Can Hearing Loss Make You Sensitive to Loud Sounds?

A young woman by the window bothered by the loud construction work outside.

If you have a partner with neglected hearing loss, you know that getting their attention can be… a challenge. Their name is the first thing you try saying. “Greg”, you say, but you used a regular, inside volume level, so you get nothing. You try saying Greg’s name a bit louder and still nothing. So you resort to shouting.

And that’s when Greg spins around with absolutely no awareness of his comedic timing and says crossly, “what are you shouting for?”

It’s not just stubbornness and impatience that cause this situation. Hypersensitivity to loud sound is frequently reported in those with hearing loss. So it makes sense that Greg gets aggravated when you shout his name after he repeatedly fails to hear you when you talk to him at a normal volume.

Can hearing loss make loud sounds even worse?

Hearing loss can be a peculiar thing. Normally, hearing loss will cause your hearing to decline, particularly if it goes untreated. But every now and then, you’ll watch a Michael Bay movie, or be talking with someone, or be having dinner in a restaurant, and things will get really noisy. Uncomfortably loud. Maybe the movie suddenly gets really loud or somebody is shouting to get your attention.

And you’ll think: What’s causing this sensitivity to loud noise?

Which can also make you feel a little cranky, honestly. Many people will feel like they’re going crazy when they notice this. They have a hard time figuring out how loud things are. Imagine, all of your family, friends, and acquaintances seem to validate you’re losing your hearing, but you have this sudden sensitivity to loud sound. How can that be?

Auditory recruitment

A condition called auditory recruitment can cause these symptoms. Here’s how it works:

  • The inside of your ears are covered with tiny hairs known as stereocilia. When soundwaves enter into your ears, these hairs resonate and your brain translates that signal into sounds.
  • Age-related “sensorineural” hearing loss happens as these hairs deteriorate. Over time, these fragile hairs are permanently damaged by repeated exposure to loud sounds. Your hearing becomes duller as a result. The more damaged hairs you have, the less you can hear.
  • But this is not an evenly occurring process. There will be a combination of healthy and damaged hairs.
  • So when you hear a loud sound, the damaged hairs “recruit” the healthy hairs (thus the name of the condition) to send an alarmed message to your brain. So, suddenly, everything is very loud because all of your stereocilia are firing (just like they would with any other loud noise).

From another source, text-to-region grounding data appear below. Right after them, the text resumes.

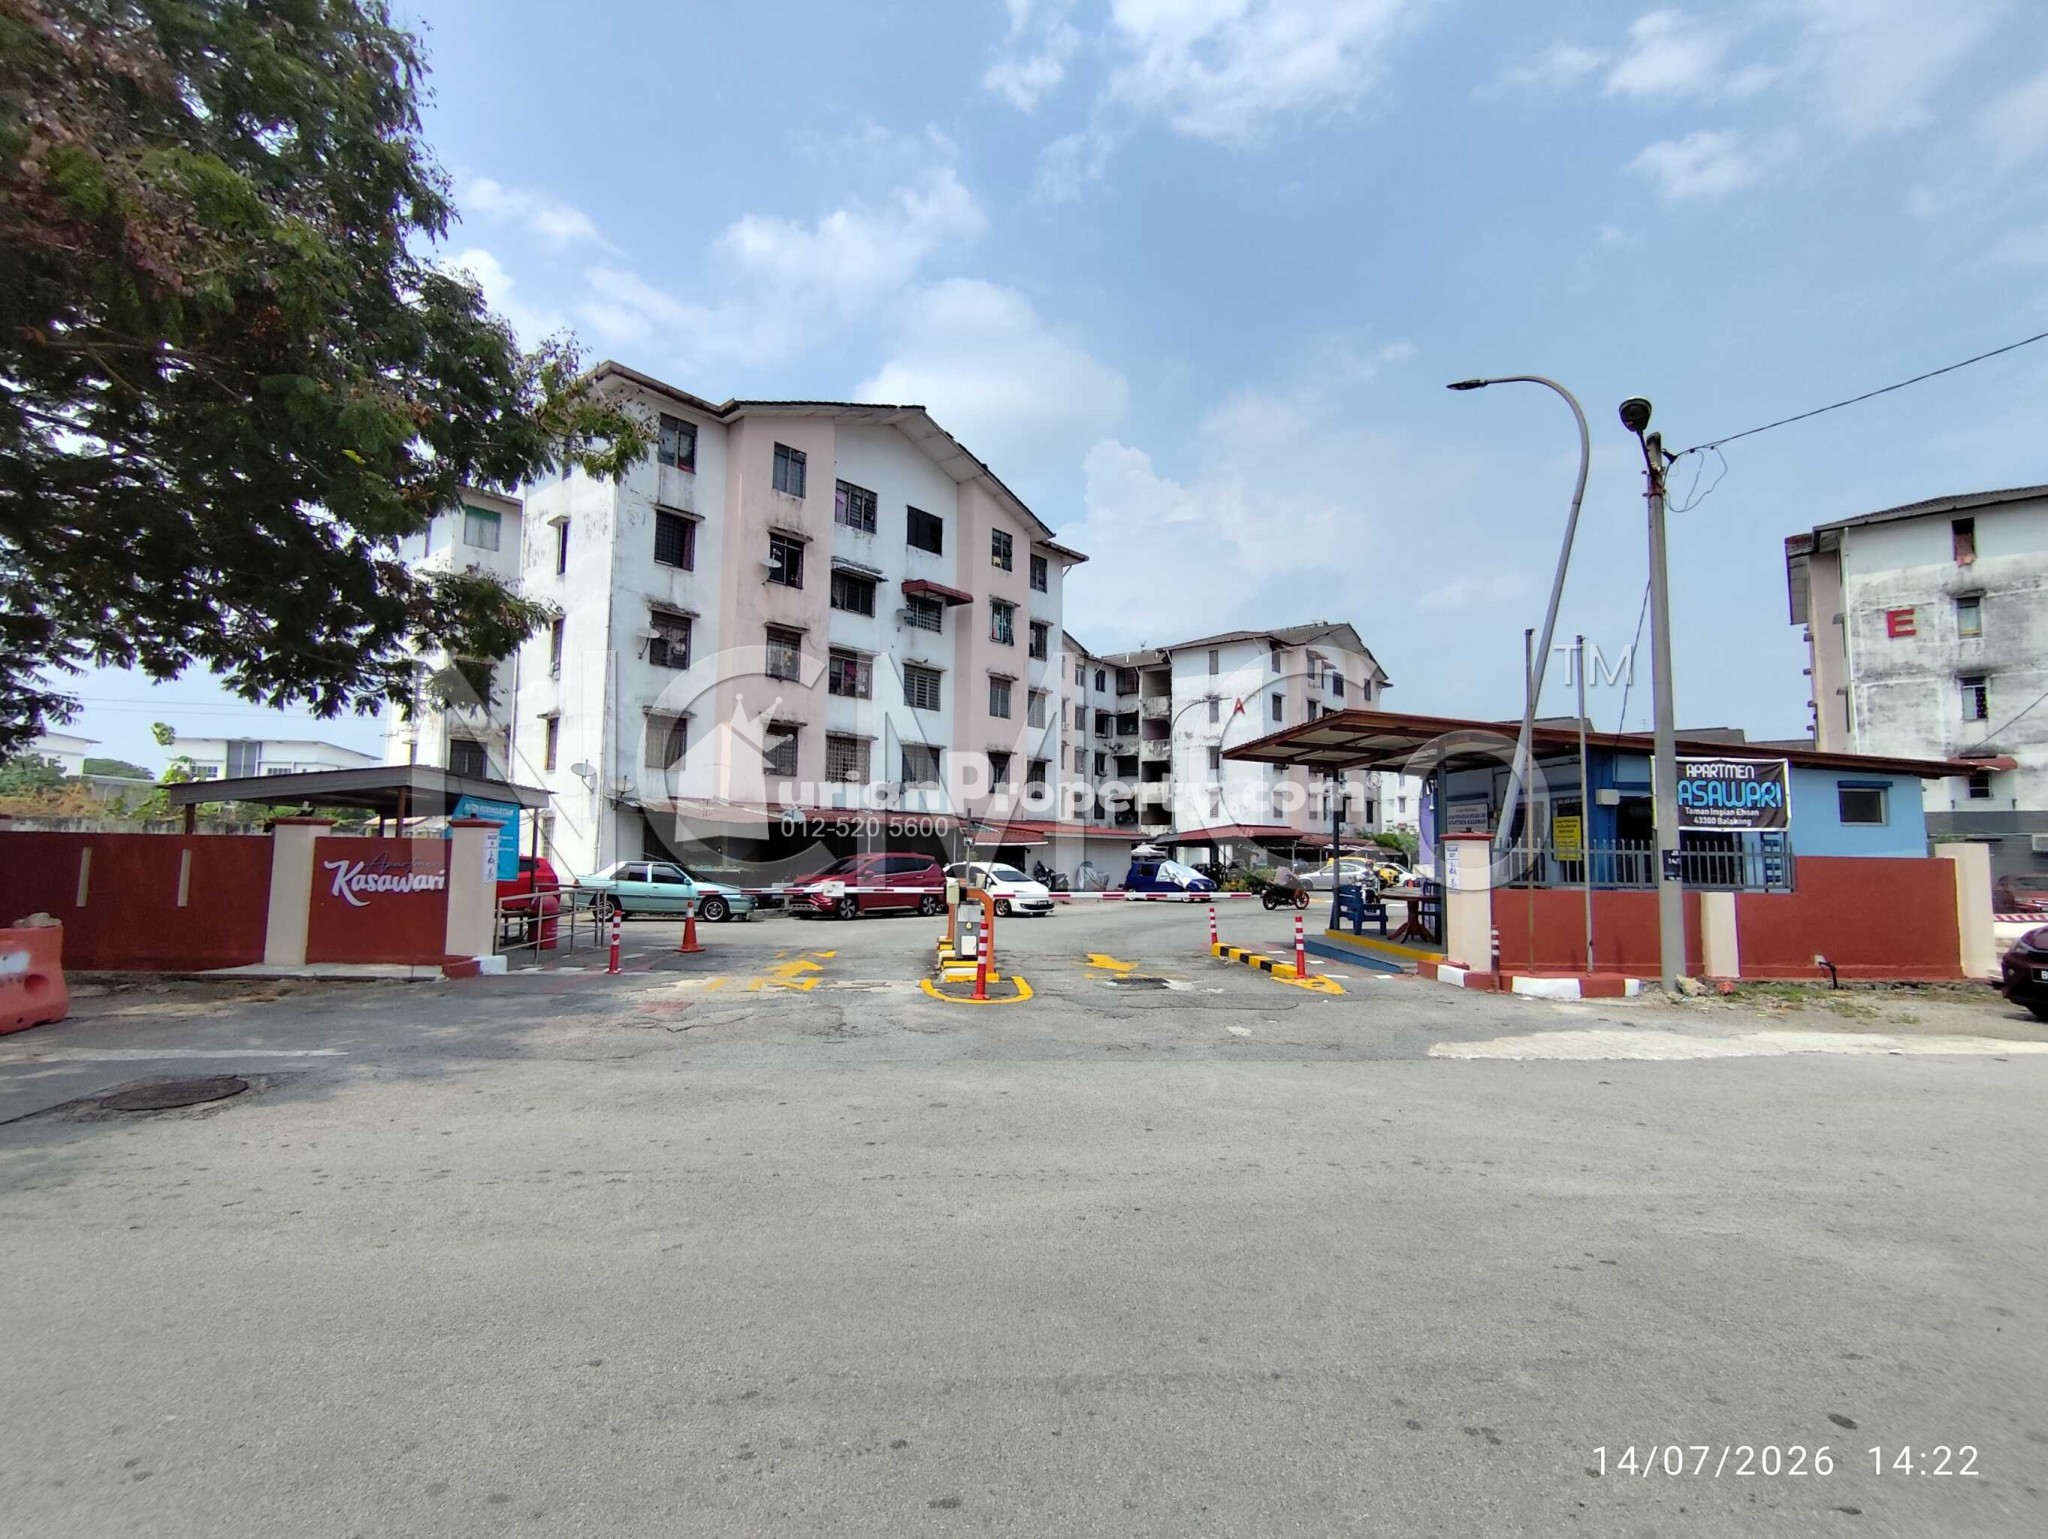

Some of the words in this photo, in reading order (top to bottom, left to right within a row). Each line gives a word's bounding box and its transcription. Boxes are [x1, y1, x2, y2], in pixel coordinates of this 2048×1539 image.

[1887, 608, 1917, 638] E
[1233, 697, 1246, 715] A
[1685, 763, 1755, 779] APARTMEN
[1677, 780, 1782, 808] ASAWARI
[1685, 807, 1710, 816] Taman
[1710, 808, 1735, 817] Impian
[1735, 808, 1760, 817] Ehsan
[1693, 817, 1717, 825] 43300
[1717, 817, 1752, 827] Balakong
[323, 859, 446, 907] Kasawari

Think about it this way: everything is quiet except for the Michael Bay explosion. So the Michael Bay explosion is going to seem louder (and more obnoxious) than it otherwise would!

Sounds a lot like hyperacusis

You might think that these symptoms sound a little familiar. There is a condition called hyperacusis that has comparable symptoms and the two are frequently confused. When you first compare them, this confusion is easy to understand. Auditory recruitment is a condition where you have a sensitivity to loud noises, and hyperacusis is a condition where sounds very abruptly get loud.

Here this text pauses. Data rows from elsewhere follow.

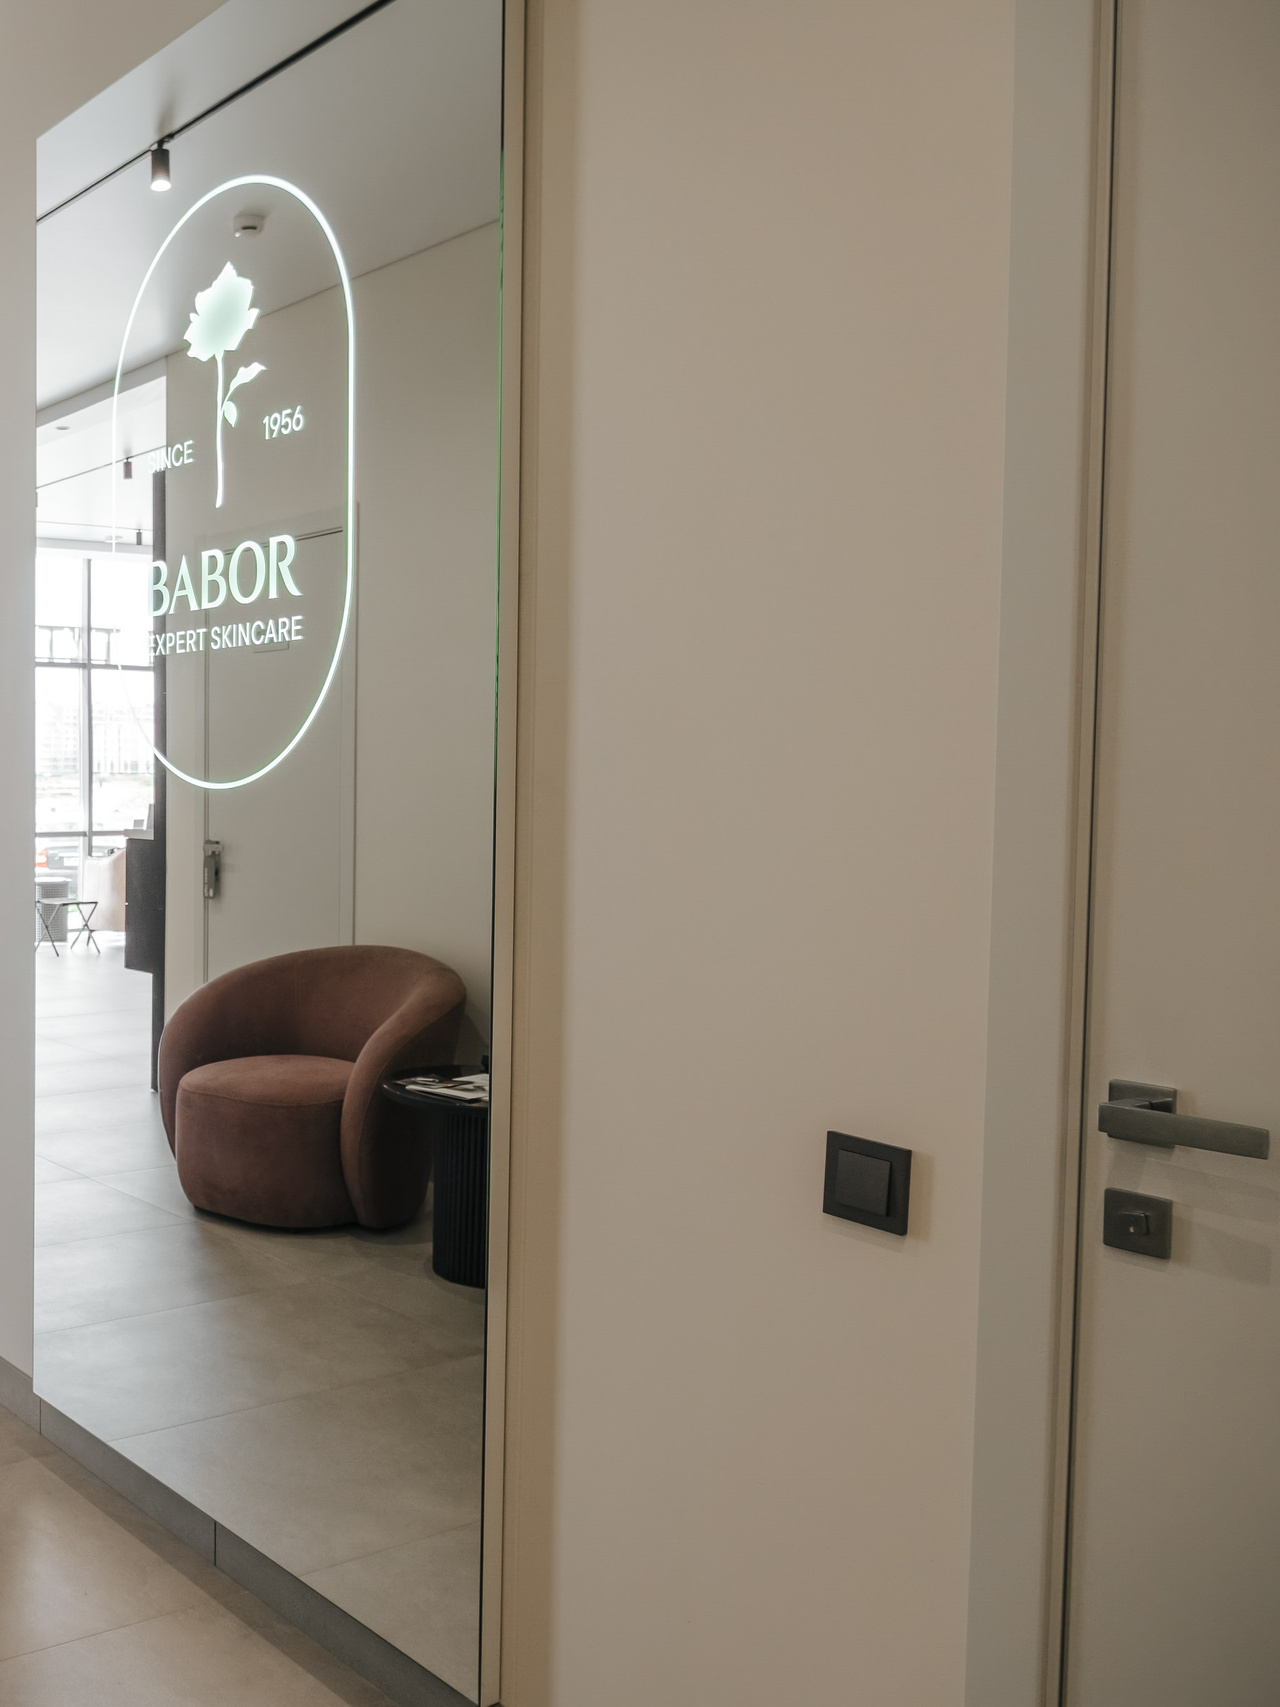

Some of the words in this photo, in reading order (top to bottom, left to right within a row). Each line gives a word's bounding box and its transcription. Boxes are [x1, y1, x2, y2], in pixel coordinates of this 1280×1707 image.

[148, 439, 194, 474] SINCE
[262, 405, 304, 440] 1956
[148, 534, 303, 617] BABOR
[148, 628, 207, 656] EXPERT
[210, 615, 303, 650] SKINCARE

But there are a few key differences:

  • While hyperacusis has no link to hearing loss, there is a direct connection between auditory recruitment and hearing loss.
  • When you have hyperacusis, noises that are at an objectively ordinary volume seem really loud to you. Think about it this way: When you’re experiencing auditory recruitment, a shout sounds like a shout; but when you have hyperacusis, a whisper might sound like a shout.
  • Hyperacusis causes pain. Literally. Feeling pain is common for individuals who have hyperacusis. With auditory recruitment, that’s normally not the case.

At the end of the day, auditory recruitment and hyperacusis have some superficially similar symptoms. But they are very different conditions.

Can auditory recruitment be managed?

The bad news is that there’s no cure for hearing loss. Your hearing will never come back once it’s gone. Treating hearing loss early will go a long way to prevent this.

The same is true of auditory recruitment. Luckily, there are ways to successfully treat auditory recruitment. Typically, hearing aids are at the center of that treatment. And those hearing aids need to be specially calibrated. So it will be necessary to schedule an appointment with us.

We’ll be able to identify the particular wavelengths of sound that are responsible for your auditory recruitment symptoms. Then your hearing aids will be dialed in to decrease the volume of those wavelengths. It’s a really effective treatment.

Only certain types of hearing aid will be successful. The symptoms can’t be managed with over-the-counter hearing devices because they lack the technological sophistication.

Reach out to us for an appointment

It’s essential that you recognize that you can find relief from your sensitivity to loud noise. The bonus is that your new hearing aid will make everything sound better.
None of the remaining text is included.